When this tooth problem is not treated properly, it will increase the blood sugar level and makes the blood sugar level hard to control. But if the gum disease is quickly treated, it can help to control the blood sugar level.
If the periodontal disease that arises from diabetes is not quickly treated, it can damage soft tissues and even destroy the bone supporting the teeth.
Gum decay in people with diabetes is often indicated by swelling of the gums, bleeding, and constant infection or abscess in the gum.
Constantly brush and floss your teeth to prevent the build-up of the plague. Ensure that the toothpaste you use contains fluoride this will control the build-up of plague.
If you don’t brush regularly, the plaque will build up and harden and then turn into tartar and this is hard to get off.
Also, use floss or an interproximal cleaning devices that are recommended to you by the dentist. Flossing will get rid of plague and dirt in between the teeth where your toothbrush won't be able to reach.

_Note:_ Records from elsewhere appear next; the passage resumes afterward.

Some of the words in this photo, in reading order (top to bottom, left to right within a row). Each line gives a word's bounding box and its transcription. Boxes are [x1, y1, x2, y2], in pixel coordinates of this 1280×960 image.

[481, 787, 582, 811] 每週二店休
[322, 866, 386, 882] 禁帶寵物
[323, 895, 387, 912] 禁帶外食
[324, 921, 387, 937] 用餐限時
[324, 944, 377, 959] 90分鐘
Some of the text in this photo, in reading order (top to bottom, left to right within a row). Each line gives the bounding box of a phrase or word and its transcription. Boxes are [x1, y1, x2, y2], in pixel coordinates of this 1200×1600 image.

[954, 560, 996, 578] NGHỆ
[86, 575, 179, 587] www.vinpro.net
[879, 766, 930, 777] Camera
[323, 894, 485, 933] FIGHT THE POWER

6. Low Bone Mineral Density
Low bone mineral density can cause the teeth to get loose and to decay and also cause the gum to recede.
Furthermore, people with low bone mineral density related disease such as osteoporosis are more likely to have tooth decay and tooth loss.

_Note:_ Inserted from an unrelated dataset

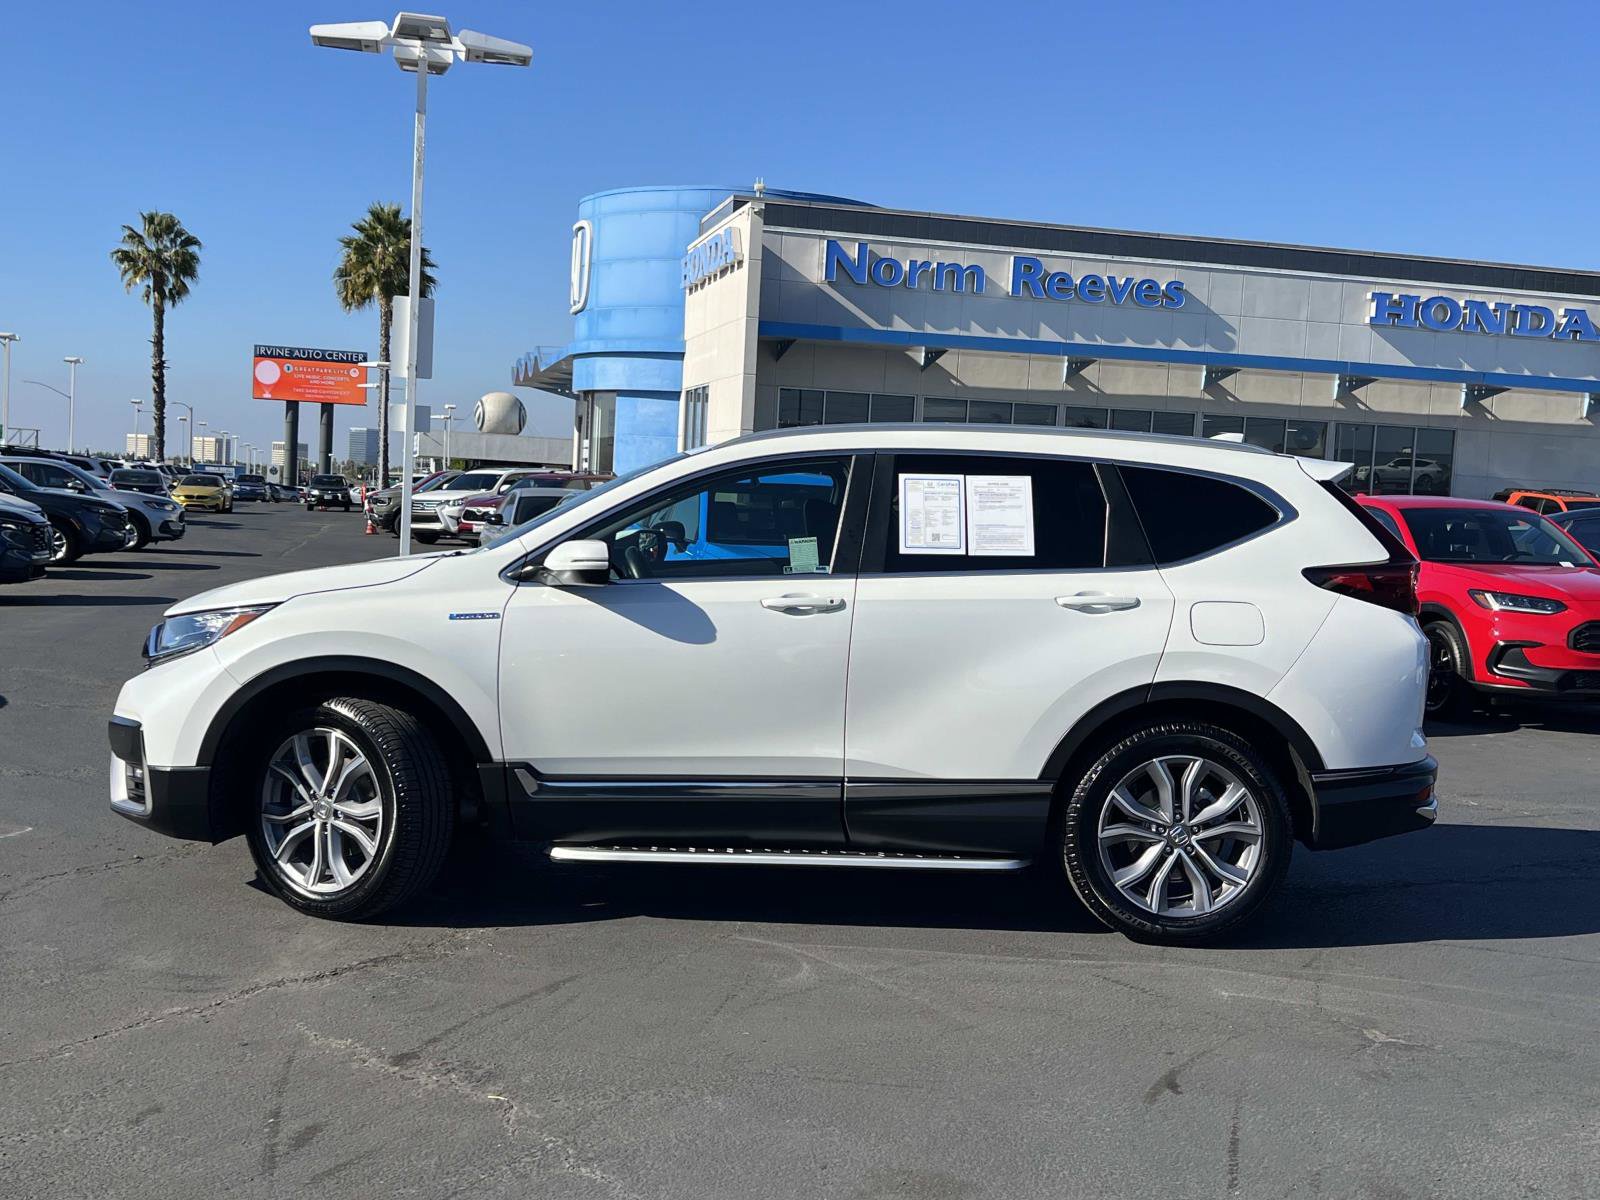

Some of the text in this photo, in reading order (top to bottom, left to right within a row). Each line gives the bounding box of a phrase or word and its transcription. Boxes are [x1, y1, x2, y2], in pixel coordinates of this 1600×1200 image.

[680, 227, 741, 289] HONDA
[823, 239, 1600, 341] Norm Reeves HONDA
[256, 346, 364, 362] IRVINE AUTO CENTER

Such people prone to low bone mineral density; include males between the ages of 30 to 39 and women. If you fall in this category you may want to check the cause of your teeth decay before dismissing it.

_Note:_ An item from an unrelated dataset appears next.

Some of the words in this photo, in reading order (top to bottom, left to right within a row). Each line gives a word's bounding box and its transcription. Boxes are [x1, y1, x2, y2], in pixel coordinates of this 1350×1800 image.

The mineral density of the teeth is needed for the teeth to stay healthy, once this mineral is depleted, the teeth begin to suffer wear and tear and also decay.
To control tooth decay that arises as a result of low mineral density, the mineral density of the bone needs to be boosted.
Dental x-rays can also be conducted to ascertain the exact cause of the decay if it is linked to osteoporosis, your dentist will prescribe some medications and then refer you to a bone disease specialist.
7. Autoimmune Disease
Autoimmune disease such as Sjogren's syndrome, are popular among women that are over the age of 40. Furthermore, recent research has shown 5 million men and 18 million women are suffering from AD.
And it often causes dryness in the mouth and can degenerate to Tooth Decay.
This Autoimmune disease attacks the salivary gland which is responsible for the production of saliva in the mouth.
When the glands are attacked, saliva production in the mouth becomes reduced as well as tears in the eyes which leads to the dryness of the mouth and eyes.
The dryness that arises from autoimmune diseases affects the health of the teeth and causes the teeth to begin to decay
There is no known cure for Sjogren's syndrome. But there are drugs that can be taken to restore some moisture to the mouth. Consult your doctor and only take the drugs that are prescribed to you.
8. Celiac Disease
Celiac disease is an autoimmune disease that occurs when gluten damages the small intestine and over 83% of Americans are misdiagnosed due to the salient nature of the disease.
Even though this is a gastrointestinal problem, celiac disease has side effects that affect the teeth.
This effect on the teeth is always evident in the discoloration of the affected tooth (brown, white or yellow spots appear on the teeth). It also causes a defect in the enamel of the teeth.
The affected tooth also begins to appear pitted or banded (i.e. grooves appear across the teeth). Other obvious oral and dental symptoms of celiac disease are dry mouths, red and extremely smooth tongues, and recurring canker sore.
Visit a dentist regularly to quickly identify celiac disease and to get the right prescription of Medicine that can combat it.
You can also go for a routine medical check-up so that any issue with your gastrointestinal system will be quickly identified and handled before it degenerates into celiac disease.
The data is behind it and all the stats prove that sometimes tooth decays are a result of certain common diseases.
Hence, it's vital to always ensure you're up to date with your dental checkups and don't take any symptoms for granted.